Der 73jährigen Premierminister Michel Barnier vereint zwei Rekorde in einer Person – er war zugleich der älteste Regierungschef, welcher übrigens unmittelbar auf den jüngsten Amtsinhaber (Gabriel Attal, bei Amtsantritt im Januar d.J. im Alter von 34) folgte, und auch der kurzlebigste Premierminister in der Geschichte der 1958 begründeten Fünften Republik. Anlass und Auslöser für seinen Sturz war ein von ihm vorgelegter und als brutal zu charakterisierender Sparhaushalt. In den letzten sieben Jahren seit der ersten Wahl von Staatspräsident Emmanuel Macron haben sich Frankreichs Staatsschulden um knapp 900 Milliarden Euro erhöht (https://www.tf1info.fr/politique/la-dette-de-la-france-a-t-elle-augmente-de-900-milliards-d-euros-depuis-l-arrivee-au-pouvoir-d-emmanuel-macron-en-2017-2286787.html externer Link), erheblich mehr als in wirtschaftlich vergleichbar starken Staaten.

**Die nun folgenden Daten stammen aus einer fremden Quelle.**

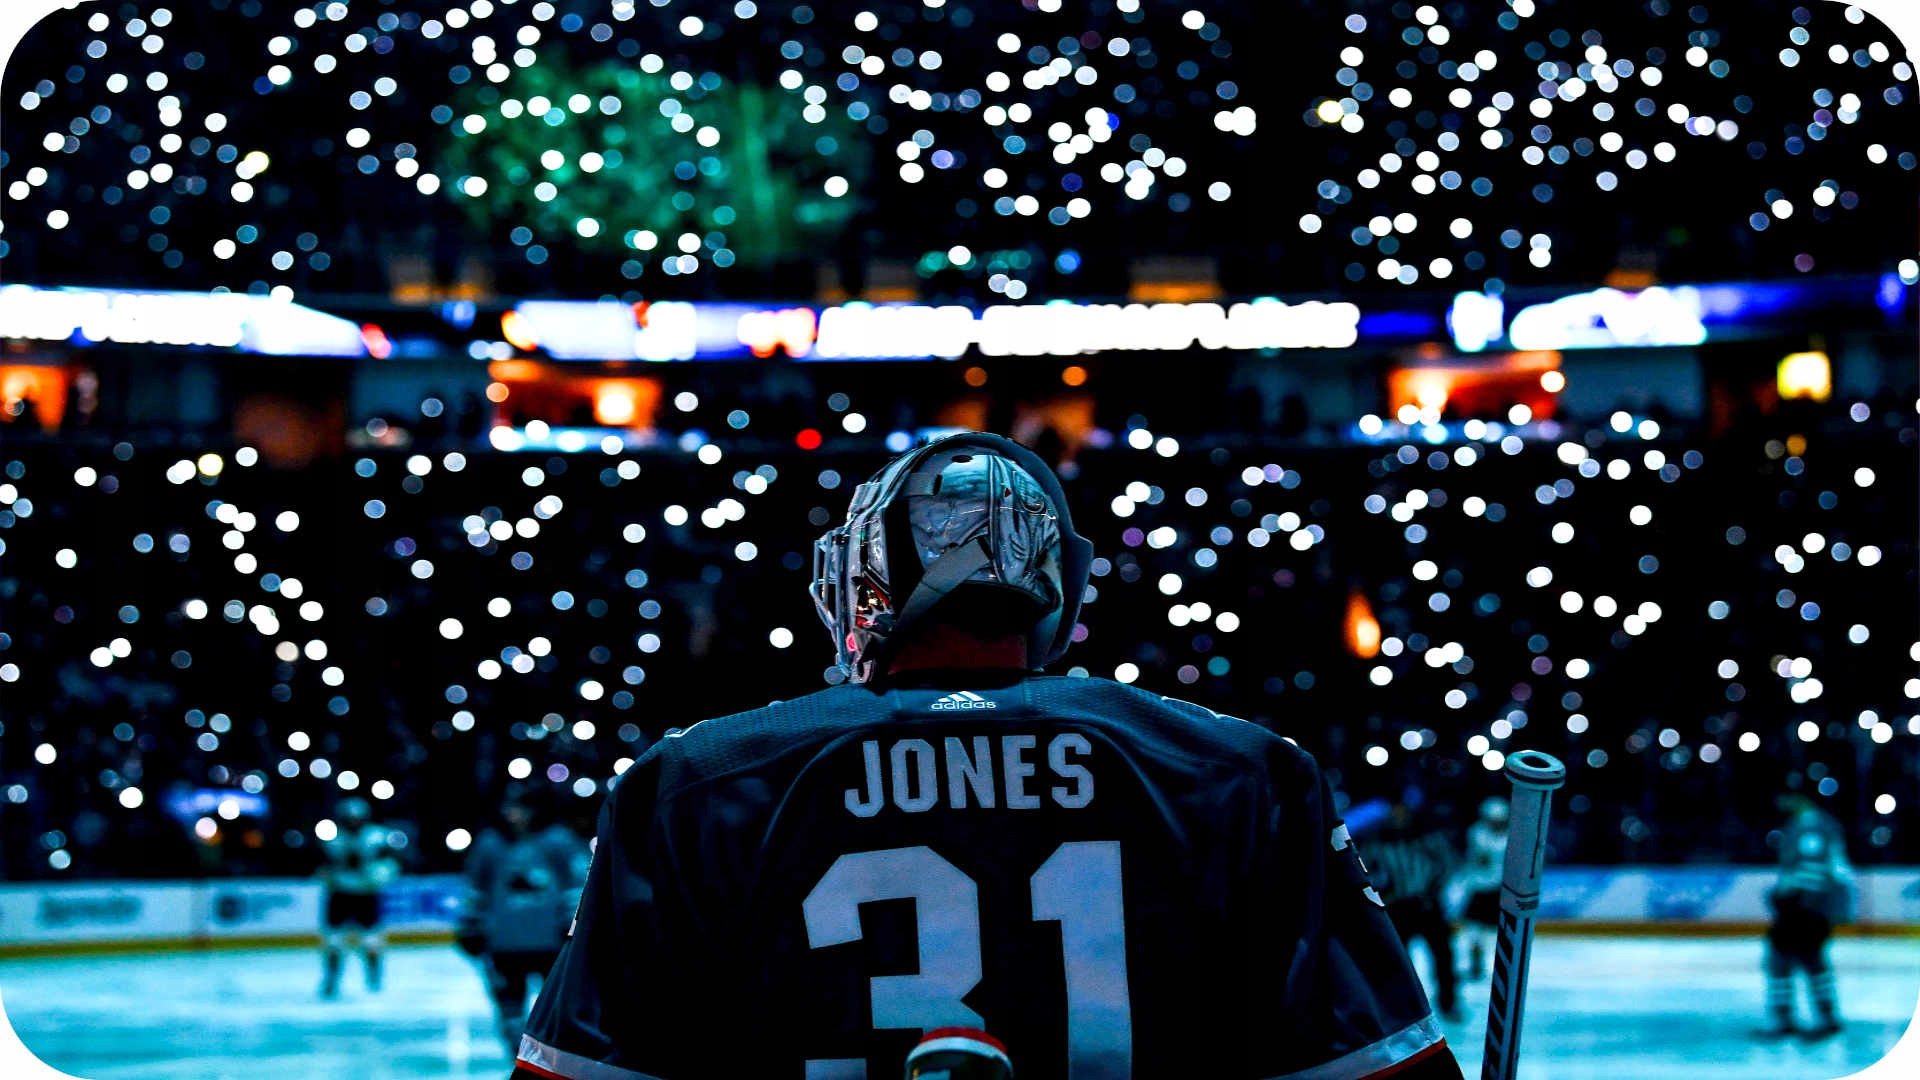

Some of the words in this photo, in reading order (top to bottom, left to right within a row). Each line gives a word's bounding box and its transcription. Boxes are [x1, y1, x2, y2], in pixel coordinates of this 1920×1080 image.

Sickern funktioniert nicht (außer beim Regen)

Rund ein Drittel davon ist auf die Covid-Krise (https://www.liberation.fr/checknews/debat-presidentielle-quelle-est-la-part-du-covid-dans-la-hausse-de-600-milliards-deuros-de-dette-sous-macron-20220420_VWTHXPY2SREBDIK5O7XG54ZI6U/ externer Link) und das im Jahr 2020 stattfindende Herunterfahren der Produktion, bei dem in Frankreich über zehn Millionen Beschäftigten anderthalb Monate lang Kurzarbeitergeld ausgezahlt wurde, zurückzuführen. Doch der Löwenanteil resultiert aus Macrons Politik, die im Kern auf das ökonomische Konzept des trickle-down – französisch: ruissellement, für deutsch: „Sickern“ – aufbaut, also auf die Vorstellung, man müsse nur die „ganz oben“ möglichst massiv bereichern, dann werde durch deren Konsum und deren Investitionen schon für die weiter unten stehenden etwas „durchsickern“. Laut einer jüngsten Studie einer Gruppe von Wirtschaftswissenschaftlern (https://www.leguevaques.com/59-de-la-dette-publique-proviennent-des-cadeaux-fiscaux-et-des-taux-d-interet-excessifs_a146.html externer Link) sollen insgesamt 53 Prozent der unter Macron angehäuften Defizite allein auf Steuergeschenke an Begüterte und an Unternehmen zurückzuführen sein. Nun ist seit einem halben Jahr Sparen angesagt, und zwar mit der Axt.

Um sechzig Milliarden Euro wollte der jüngst vorgelegte Haushaltsentwurf das jährliche Defizit vermindern. Dabei lässt sich grundsätzlich an zwei Stehlschrauben drehen: Es lässt sich auf der einen Seite mehr Geld hereinholen, durch die Erhöhung bestimmter Steuern und Abgaben etwa, oder es lässt sich auf der anderen weniger ausgeben – sei es beispielsweise bei der Rüstung, sei es bei den Sozialabgaben, wobei unsere geneigte Leser/innen/schaft drei mal raten darf, wo eher das Metzer angesetzt werden sollte.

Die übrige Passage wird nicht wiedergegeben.